▶ Task objective
Here the job is to restate every entry word for word.

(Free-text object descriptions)
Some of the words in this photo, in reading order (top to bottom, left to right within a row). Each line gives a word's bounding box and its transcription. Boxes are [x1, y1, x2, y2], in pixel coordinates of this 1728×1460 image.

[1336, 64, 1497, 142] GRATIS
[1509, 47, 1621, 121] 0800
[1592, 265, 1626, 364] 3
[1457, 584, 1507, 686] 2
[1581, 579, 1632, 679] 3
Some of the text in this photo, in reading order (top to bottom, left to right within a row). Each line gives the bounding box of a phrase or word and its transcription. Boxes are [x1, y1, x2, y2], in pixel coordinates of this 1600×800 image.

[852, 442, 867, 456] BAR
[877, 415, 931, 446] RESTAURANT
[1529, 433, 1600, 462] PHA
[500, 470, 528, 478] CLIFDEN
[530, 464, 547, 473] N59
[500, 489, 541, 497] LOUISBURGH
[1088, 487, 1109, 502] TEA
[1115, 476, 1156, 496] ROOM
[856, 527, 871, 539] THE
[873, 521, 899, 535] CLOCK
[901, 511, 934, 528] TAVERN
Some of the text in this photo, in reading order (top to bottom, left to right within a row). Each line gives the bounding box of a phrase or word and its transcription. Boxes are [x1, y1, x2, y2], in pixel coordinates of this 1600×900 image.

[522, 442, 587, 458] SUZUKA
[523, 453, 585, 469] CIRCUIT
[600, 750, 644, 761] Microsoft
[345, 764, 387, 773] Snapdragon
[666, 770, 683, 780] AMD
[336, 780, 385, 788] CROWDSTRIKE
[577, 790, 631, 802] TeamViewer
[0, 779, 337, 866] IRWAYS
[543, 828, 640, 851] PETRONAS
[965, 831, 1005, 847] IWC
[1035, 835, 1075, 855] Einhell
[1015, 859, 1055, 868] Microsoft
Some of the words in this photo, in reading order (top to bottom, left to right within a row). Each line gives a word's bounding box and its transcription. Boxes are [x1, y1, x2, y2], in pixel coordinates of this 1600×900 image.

▶ Written answer
Some of the words in this photo, in reading order (top to bottom, left to right within a row). Each line gives a word's bounding box and its transcription. Boxes are [x1, y1, x2, y2], in pixel coordinates of this 1728×1460 image.

[1336, 64, 1497, 142] GRATIS
[1509, 47, 1621, 121] 0800
[1592, 265, 1626, 364] 3
[1457, 584, 1507, 686] 2
[1581, 579, 1632, 679] 3
Some of the text in this photo, in reading order (top to bottom, left to right within a row). Each line gives the bounding box of a phrase or word and its transcription. Boxes are [x1, y1, x2, y2], in pixel coordinates of this 1600×800 image.

[852, 442, 867, 456] BAR
[877, 415, 931, 446] RESTAURANT
[1529, 433, 1600, 462] PHA
[500, 470, 528, 478] CLIFDEN
[530, 464, 547, 473] N59
[500, 489, 541, 497] LOUISBURGH
[1088, 487, 1109, 502] TEA
[1115, 476, 1156, 496] ROOM
[856, 527, 871, 539] THE
[873, 521, 899, 535] CLOCK
[901, 511, 934, 528] TAVERN
Some of the text in this photo, in reading order (top to bottom, left to right within a row). Each line gives the bounding box of a phrase or word and its transcription. Boxes are [x1, y1, x2, y2], in pixel coordinates of this 1600×900 image.

[522, 442, 587, 458] SUZUKA
[523, 453, 585, 469] CIRCUIT
[600, 750, 644, 761] Microsoft
[345, 764, 387, 773] Snapdragon
[666, 770, 683, 780] AMD
[336, 780, 385, 788] CROWDSTRIKE
[577, 790, 631, 802] TeamViewer
[0, 779, 337, 866] IRWAYS
[543, 828, 640, 851] PETRONAS
[965, 831, 1005, 847] IWC
[1035, 835, 1075, 855] Einhell
[1015, 859, 1055, 868] Microsoft
Some of the words in this photo, in reading order (top to bottom, left to right within a row). Each line gives a word's bounding box and its transcription. Boxes are [x1, y1, x2, y2], in pixel coordinates of this 1600×900 image.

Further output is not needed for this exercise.